The unknown man in the parka lifted his head, and I almost flew at him. “Tom!” I shouted, then checked myself. It was Tom. Again. Under my house instead of looking at my car. Fear slid through me, replaced with anger. “What are you doing under my house!”
Jenks was at the ceiling yelling at his kids to get out, and when the last fled, with their wooden swords and plastic-coated straightened paper clips, Tom pulled himself upright and pushed his hood back. His lips were blue with cold, and his eyes held an irritated anger. It was then that I noticed the ley line zip-strip on his wrist, where his gloves ended. He was basically magically neutered, and my estimation of Marshal went up a notch for not only knowing what to do with an experienced ley line witch, but for having a zip-strip to begin with.

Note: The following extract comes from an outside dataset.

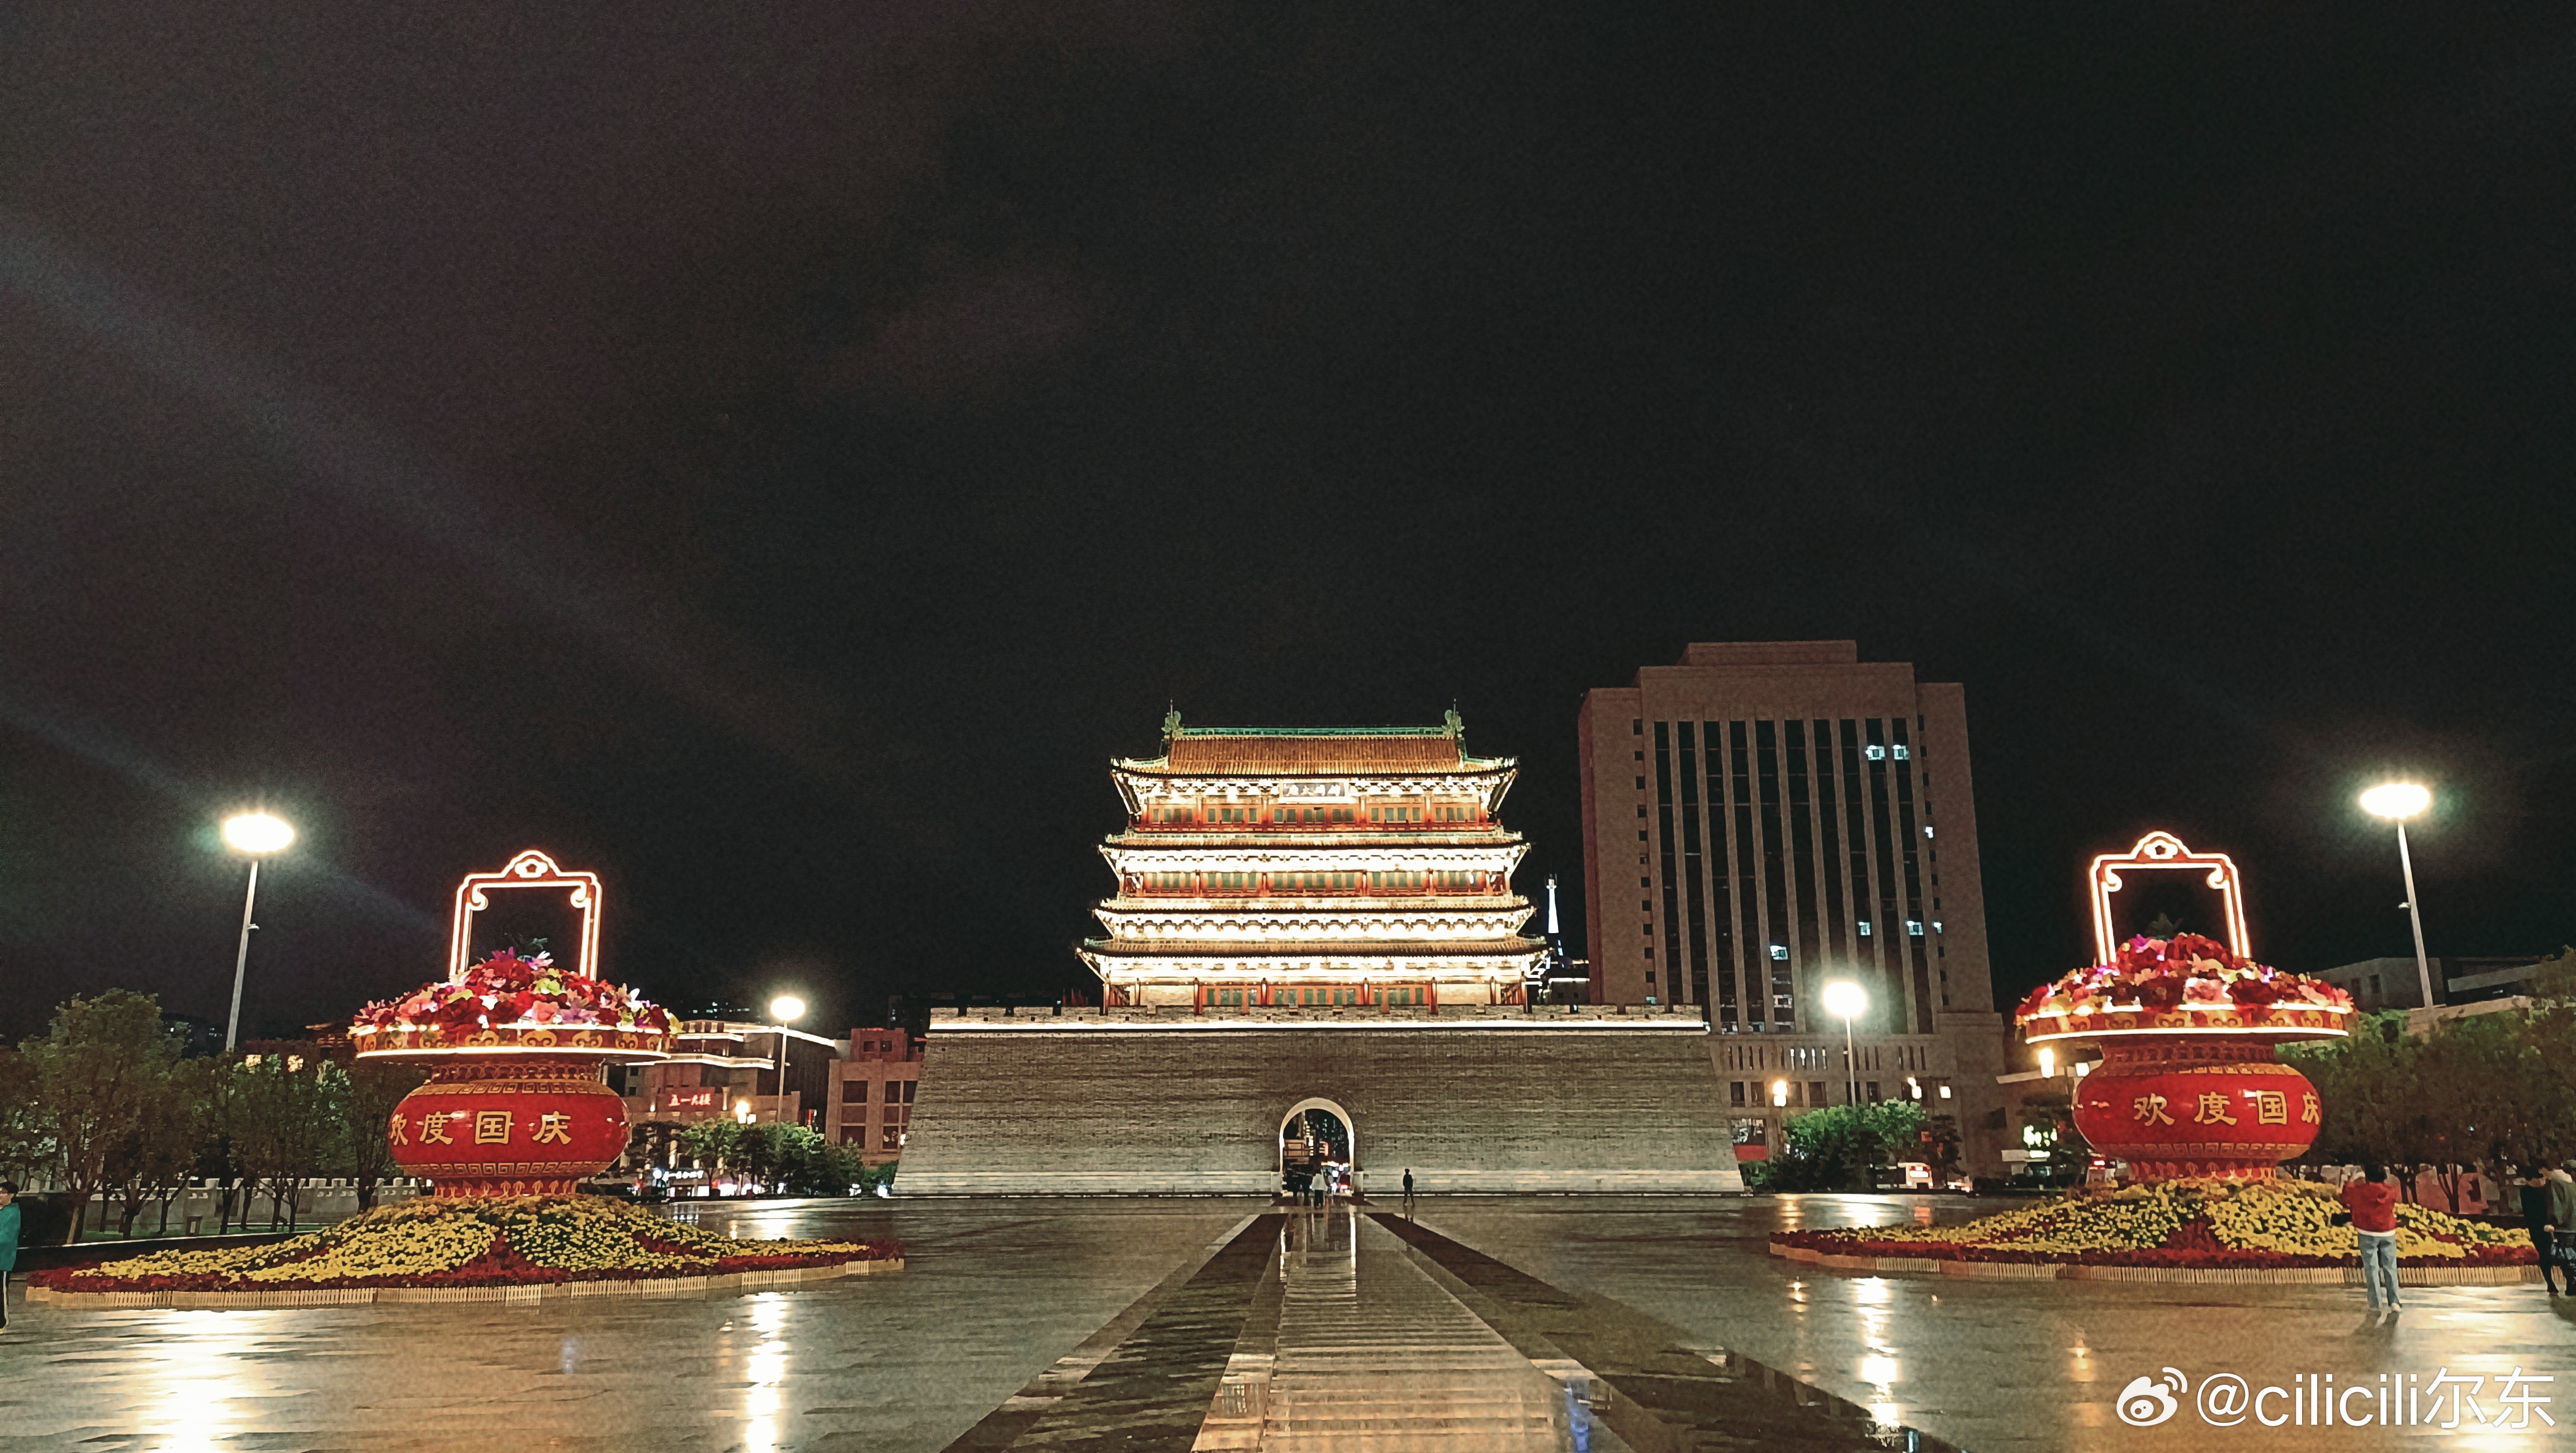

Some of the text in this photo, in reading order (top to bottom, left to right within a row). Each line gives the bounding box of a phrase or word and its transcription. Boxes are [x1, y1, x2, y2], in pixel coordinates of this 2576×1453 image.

[2133, 1090, 2320, 1127] 欢度国庆
[390, 1110, 572, 1146] 欢度国庆

“I was coming over to drop off that box you left in my car,” Marshal said, shifting to stand between Tom and me. “That’s when I saw this”-he gave Tom a shove and the man caught himself against the island counter-“coming over the far wall. So I parked and watched. He gave a couple of kids a can of black spray paint and a twenty, and after Bis chased them off your front door, he snuck around back and broke the lock on your crawl space access.”